## Generalisation of the FP procedure for semi-continuous variables in epidemiology and clinical research. The SP@Z study.

**Project team**: Heiko Becher, Eva Lorenz

**External Collaborators**: Willi Sauerbrei, Carolin Jenkner, Freiburg; Patrick Royston, London

**Funding**: DFG (BE 2056/10-1)

**Funding period**: 2011-2014

**Status:** completed

A common task in epidemiology is to estimate the dose–response function for a continuous exposure. Often a proportion of subjects is unexposed. Typical examples are cigarette consumption, alcohol intake, or occupational exposures. The question arises as to how to model such variables statistically.

In this project we contribute to the theory, practical procedures and application in epidemiology and clinical research to derive multivariable models with an emphasis on dose-response-relationships in spike at zero situations. This will result in a further extension of the modelling techniques using the class of fractional polynomials to determine whether non-linear functions improve the fit of data. In the first part of the project an extension of the fractional polynomial method of modelling continuous exposure is developed. A binary variable for the unexposed fraction is added to the model. In a two-stage procedure, we assess whether the binary variable and/or the continuous function for the exposed individuals is required for a good fit to the data. Extension to the multivariable situation is described.
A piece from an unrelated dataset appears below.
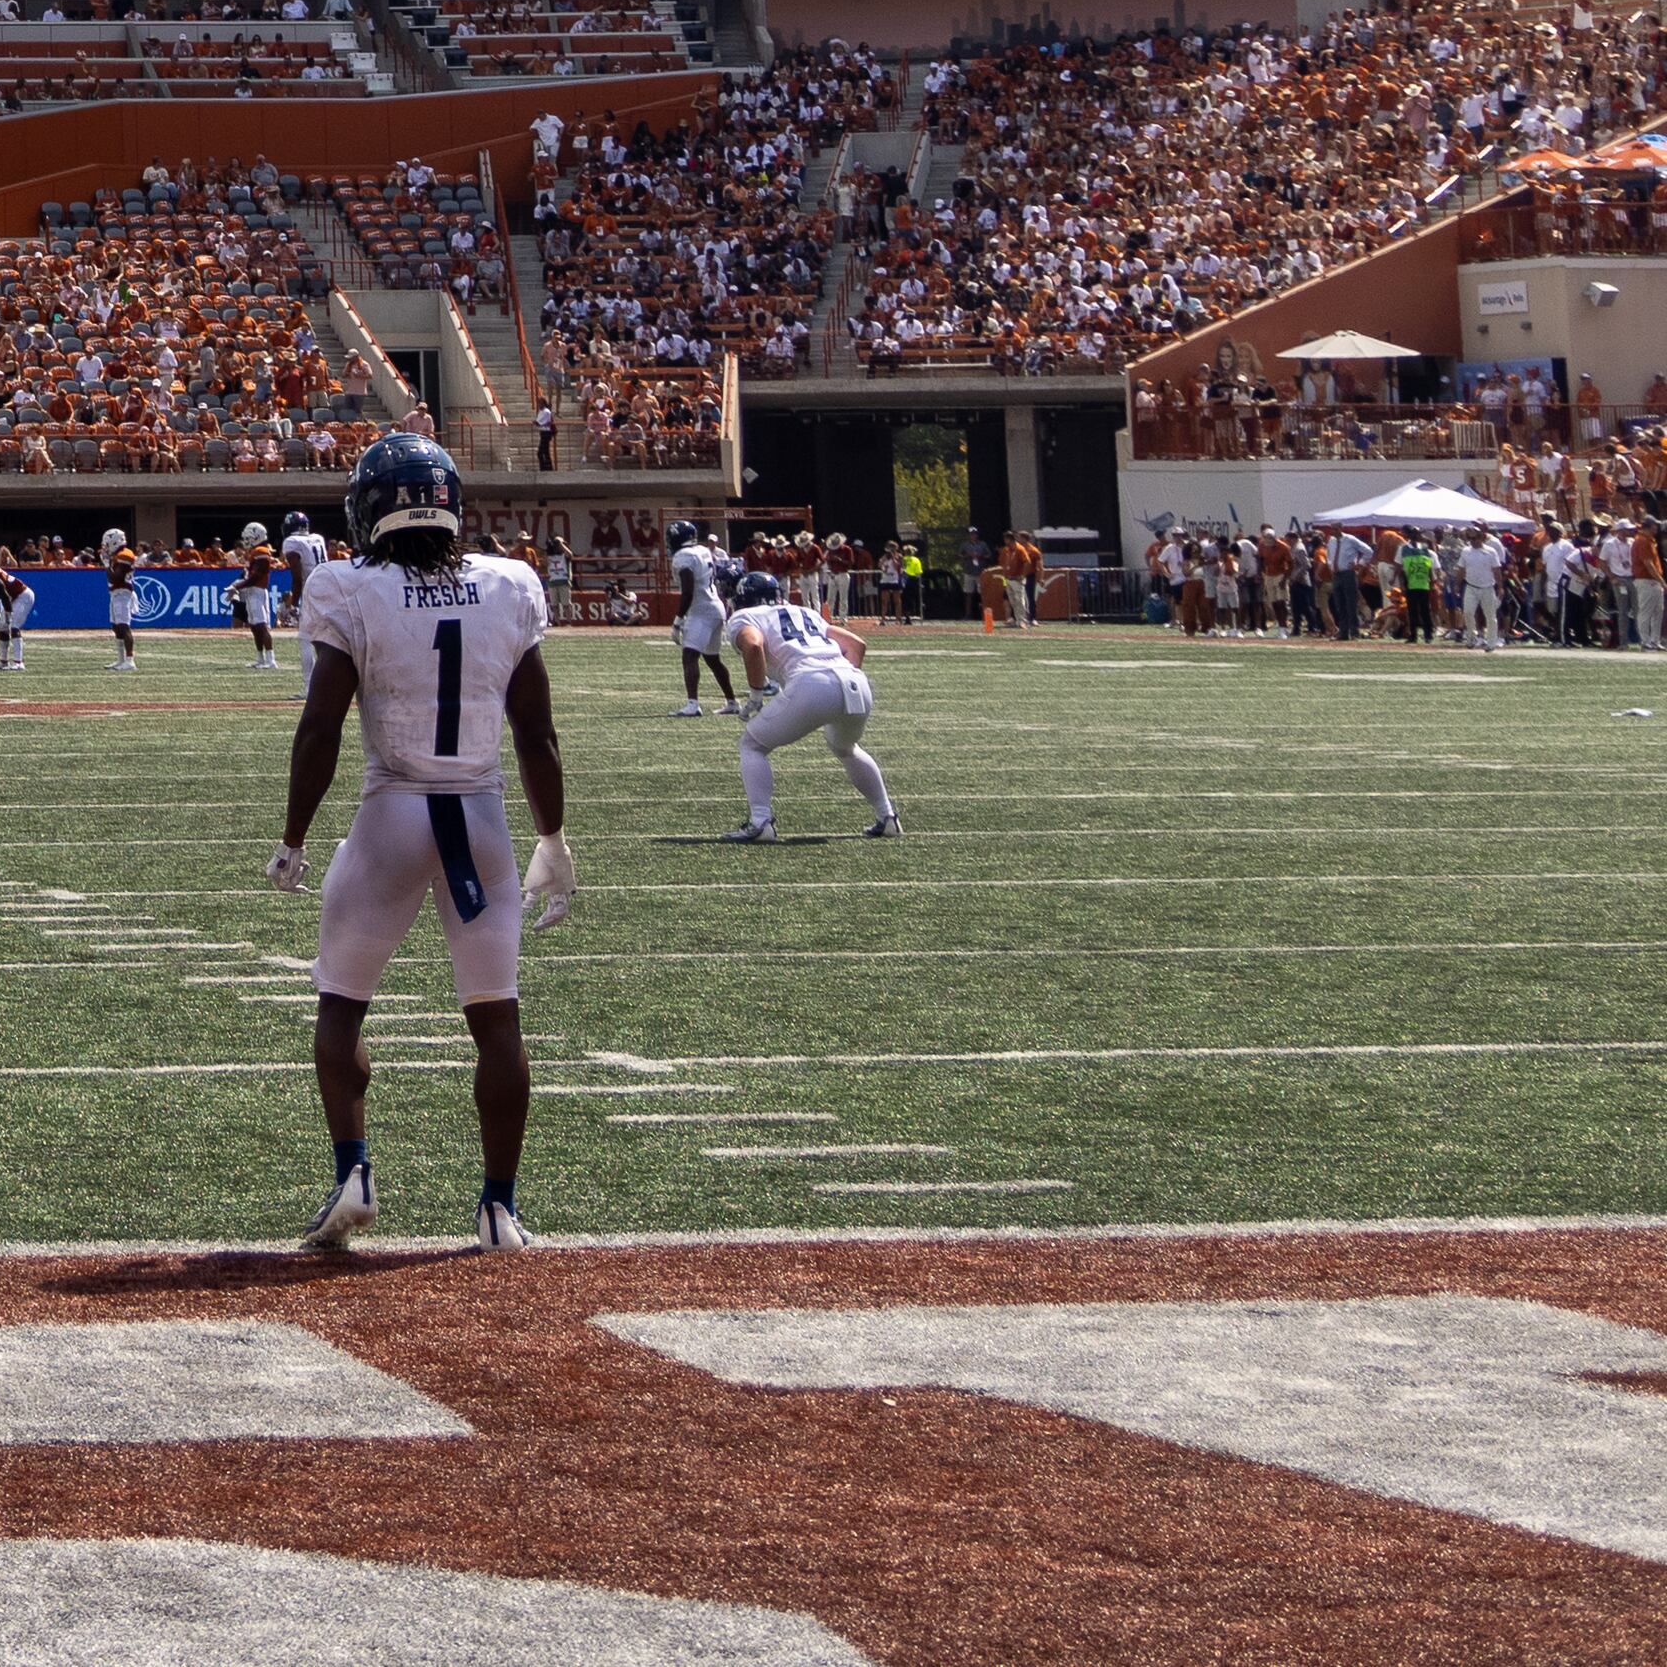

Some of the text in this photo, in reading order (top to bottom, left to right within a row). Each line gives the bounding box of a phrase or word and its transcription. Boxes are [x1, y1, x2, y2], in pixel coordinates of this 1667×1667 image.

Three data sets with different characteristics are used as illustrations. The analyses of the three studies using the proposed procedure give differing results. In one example, only the binary variable seems to be required. In the other two examples, the binary variable and fractional polynomial functions of the exposure variable are needed. One function is monotonic and the other has a minimum. In the third example, adjusting for confounders has almost no effect on the function selected. In conclusion, the new procedure offers a worthwhile extension of dose–response modelling with an unexposed fraction.
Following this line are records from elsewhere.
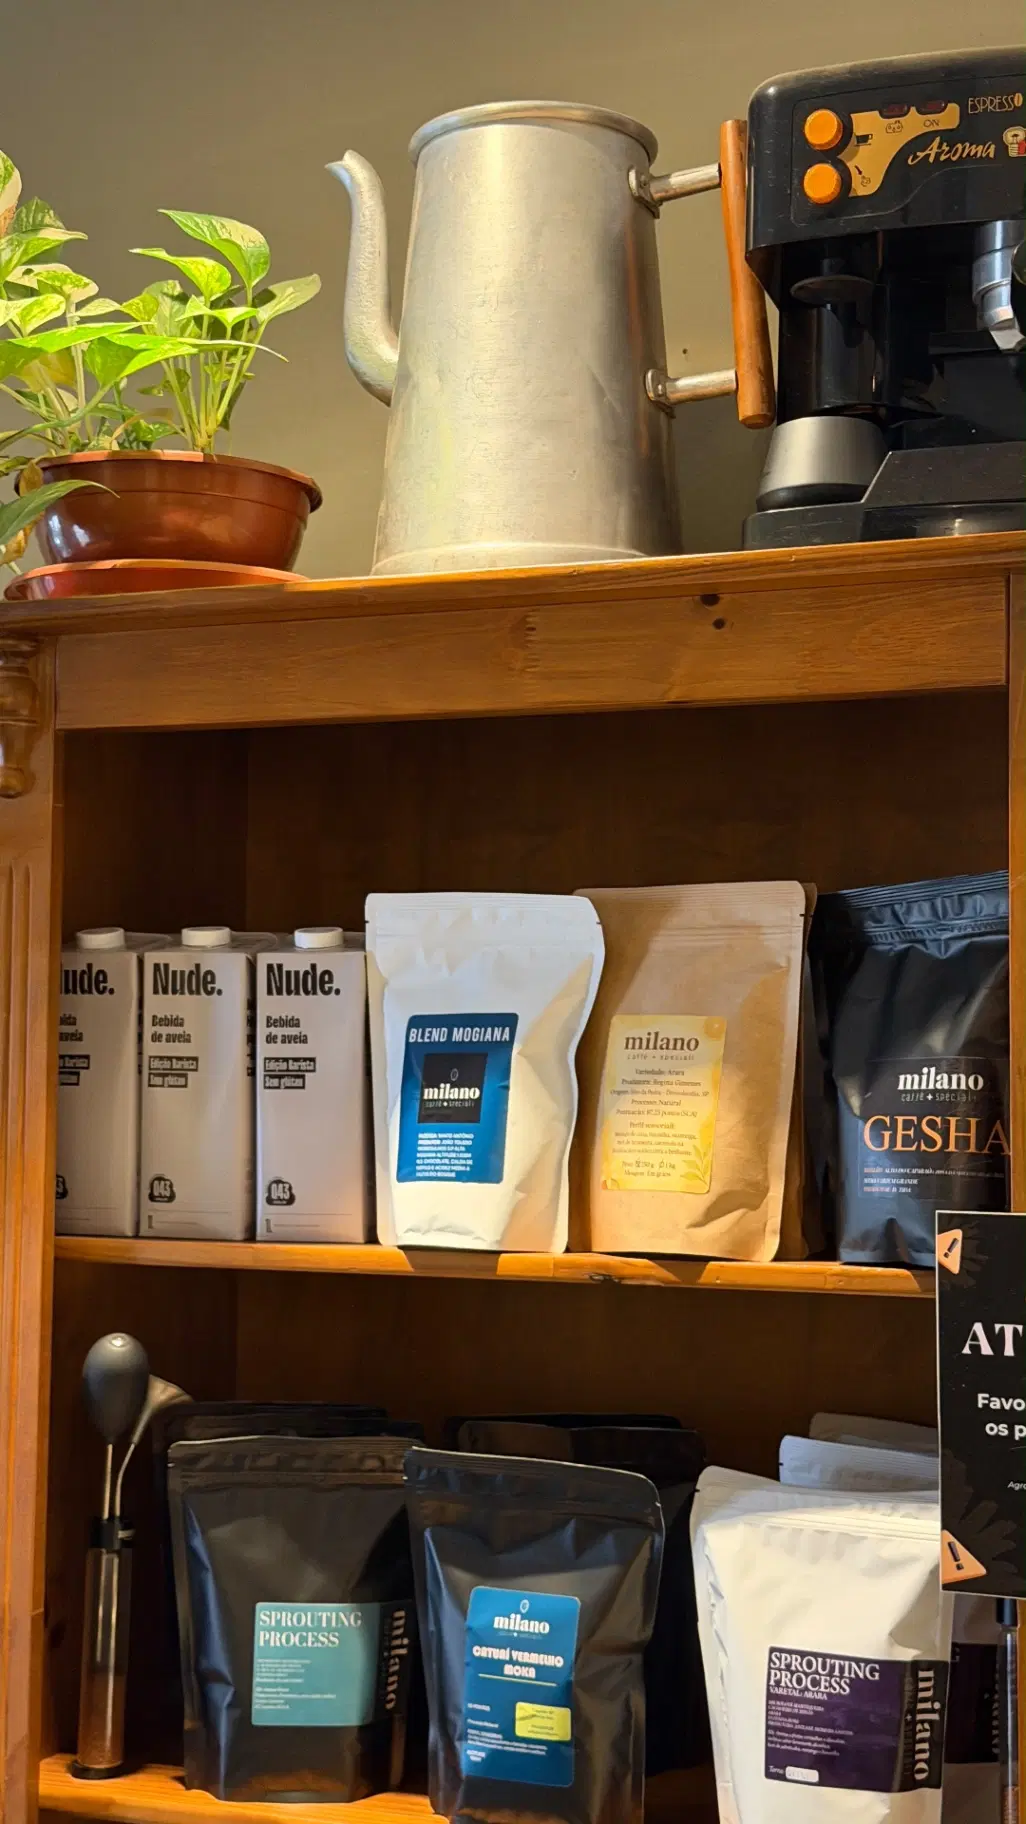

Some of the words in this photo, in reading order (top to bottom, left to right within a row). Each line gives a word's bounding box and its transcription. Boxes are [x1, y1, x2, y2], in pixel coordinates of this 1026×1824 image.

[968, 92, 1024, 114] ESPRESSO
[923, 119, 940, 128] ON
[907, 135, 996, 166] Aroma
[60, 962, 115, 996] ude.
[152, 962, 223, 997] Nude.
[265, 962, 341, 997] Nude.
[151, 1014, 185, 1028] Bebida
[266, 1014, 301, 1028] Bebida
[150, 1030, 164, 1044] de
[165, 1030, 192, 1044] aveia
[266, 1030, 278, 1044] de
[280, 1030, 308, 1045] aveia
[409, 1027, 448, 1043] BLEND
[452, 1026, 511, 1042] MOGIANA
[624, 1031, 700, 1053] milano
[266, 1059, 287, 1072] Edição
[288, 1059, 314, 1071] Barista
[265, 1076, 279, 1087] Sem
[280, 1076, 304, 1089] glúten
[897, 1066, 984, 1091] milano
[423, 1083, 481, 1100] milano
[863, 1115, 1011, 1155] GESHA
[270, 1183, 290, 1200] 043
[962, 1321, 1024, 1357] AT
[977, 1393, 1026, 1411] Favo
[985, 1422, 1009, 1437] os
[259, 1610, 363, 1629] SPROUTING
[493, 1612, 550, 1635] milano
[259, 1631, 340, 1648] PROCESS
[384, 1608, 410, 1711] milano
[512, 1649, 564, 1668] VERMELHO
[769, 1651, 880, 1681] SPROUTING
[503, 1664, 536, 1679] MOKA
[769, 1668, 851, 1696] PROCESS
[804, 1690, 828, 1701] ARARA
[913, 1669, 942, 1781] milano
In the second part of the project we theoretically derive the correct dose-response curves for a spike at zero situation under several specific distributional assumptions. We show that under these, the inclusion of a binary variable XE denoting the binary exposure status (yes-no) plus the continuous part of the variable, possibly transformed, yields the correct dose-response curve. For example, if the continuous part is log-normal distributed, the log-transformed variable must be included into the model.

In the second part of the project we theoretically derive the correct dose-response curves for a spike at zero situation under several specific distributional assumptions. We show that under these, the inclusion of a binary variable XE denoting the binary exposure status (yes-no) plus the continuous part of the variable, possibly transformed, yields the correct dose-response curve. For example, if the continuous part is log-normal distributed, the log-transformed variable must be included into the model. We will directly build on recent results in which we have investigated a selected set of distributions (e.g. normal, log normal, gamma) in the framework of a logistic regression model.

Third, we investigate the performance of the suggested FP-spike procedure by means of a simulation study. We use the data structure of a case-control study and simulate a log normal distributed variable with different combinations of fractions unexposed and different peaks in cases and controls, representing smaller or larger effects. For stronger effects in the continuous part the FP procedure identifies a suitable dose-response function almost always. In other cases, the FP part is dropped from the model giving a simple yes-no exposure step function. The resulting dose-response-curve, however, generally approximates the true one closely, supporting the procedure.

For specific epidemiological or clinical situations we will investigate and compare possible metrics for continuous variables which can be differently defined or which consist of correlated variables and can be summarized in an index trying to cover a multidimensional phenomenon.

**Publications**:

Royston P, Sauerbrei W, Becher H: Modelling continuous exposures with a 'spike' at zero: a new procedure based on fractional polynomials. Statistics in Medicine 29:1219-27.

Lorenz E, Jenkner C, Sauerbrei W, Becher H. Dose-response modelling for bivariate covariables with and without a 'Spike' at Zero: Theory and applications to binary outcomes. Statistica Neerlandica. 2015;69(4):374-98.